The Danish government has an agreement with a parliamentary majority to retain and potentially increase the share of airline SAS owned by the Danish state.

Scandinavian Airlines (SAS) Airbus A320 planes parked at Copenhagen Airport
Scandinavian Airlines (SAS) Airbus A320 planes parked at Copenhagen Airport in March 2020. File photo: Tt News Agency/Reuters/Ritzau Scanpix

The government and other parties envisage a share of between 22 and 30 percent in the financially struggling airline, Finance Minister Nicolai Wammen said at a press briefing on Friday.

“SAS is in a difficult situation. We have had to address how we react to it in Denmark,” Wammen said.

“The company is important to Danish society,” he said.

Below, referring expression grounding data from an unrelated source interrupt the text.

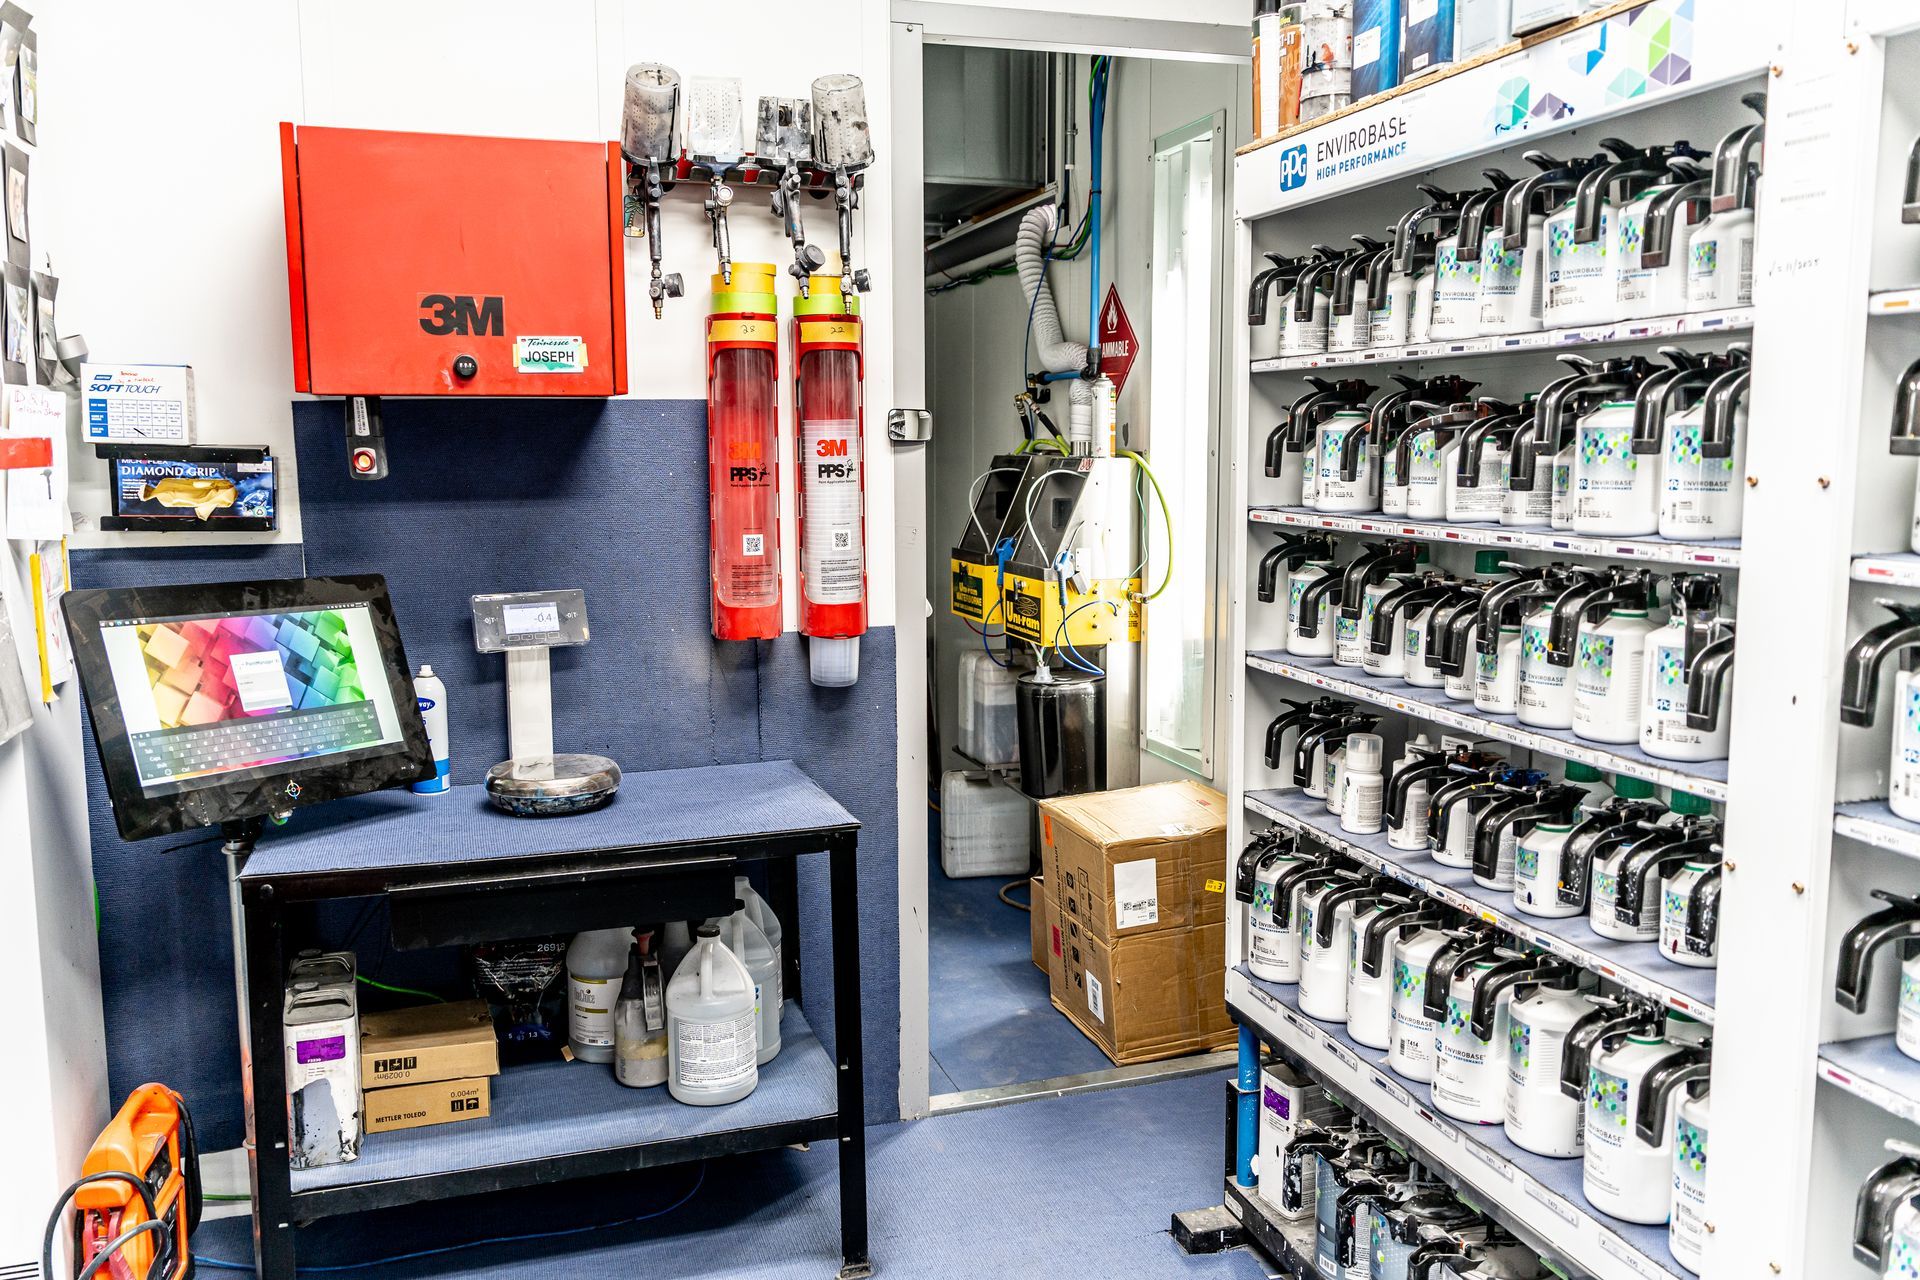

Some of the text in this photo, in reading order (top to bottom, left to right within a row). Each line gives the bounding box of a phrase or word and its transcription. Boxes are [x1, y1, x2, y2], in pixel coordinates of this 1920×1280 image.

[1316, 117, 1407, 162] ENVIROBASE
[1280, 147, 1307, 189] PPG
[1316, 141, 1407, 181] HIGH PERFORMANCE
[419, 294, 504, 336] 3M
[527, 338, 570, 347] Tennessee
[1099, 340, 1129, 358] AMMABLE
[525, 351, 575, 363] JOSEPH
[89, 384, 160, 394] SOFT TOUCH
[729, 441, 761, 460] 3M
[817, 439, 847, 457] 3M
[121, 466, 216, 477] DIAMOND GRIP
[730, 467, 758, 481] PPS
[818, 464, 845, 478] PPS
[1683, 480, 1729, 488] ENVIROBASE
[1006, 601, 1040, 631] Uni-ram
[1259, 921, 1290, 931] ENVIROB
[1398, 1012, 1434, 1028] ENVIROBASE
[1445, 1045, 1484, 1060] ENVIROBASE
[375, 1111, 427, 1123] METTLER TOLEDO

Wammen’s comments come after Sweden, which also owns part of SAS, said on Tuesday that Stockholm will not bail out the company amid its ongoing debt struggles, adding that the Swedish state will be reducing its stake in the airline.

The crisis-hit carrier also faces potential strikes by as many as 1,000 pilots by the end of June after negotiations with trade unions broke down.  

READ ALSO: Over 1,000 SAS pilots could go on strike by late June

Denmark currently owns 21.8 percent of SAS, the same share as Sweden.

The government is prepared to convert debt owed to it by SAS, worth 3.5 billion kroner, into shares.

The Norwegian government, which sold its share in the company in 2018, was reported earlier this week to be considering a similar move.

Wammen meanwhile stated that SAS cannot expect a cash injection from the Danish state immediately. Other investors must first be secured before Copenhagen is prepared to increase its financial backing.

“Our basis for exactly where we place ourselves on ownership share will be that we get a share that is suitably robust so that we could make a new agreement, with a new major shareholder in SAS, that protects Danish interests,” he said.

If SAS is unable to convince the market that it has a viable future, the company will receive no investment, either from the market or the Danish state, Conservative financial spokesperson Rasmus Jarlov said during the briefing.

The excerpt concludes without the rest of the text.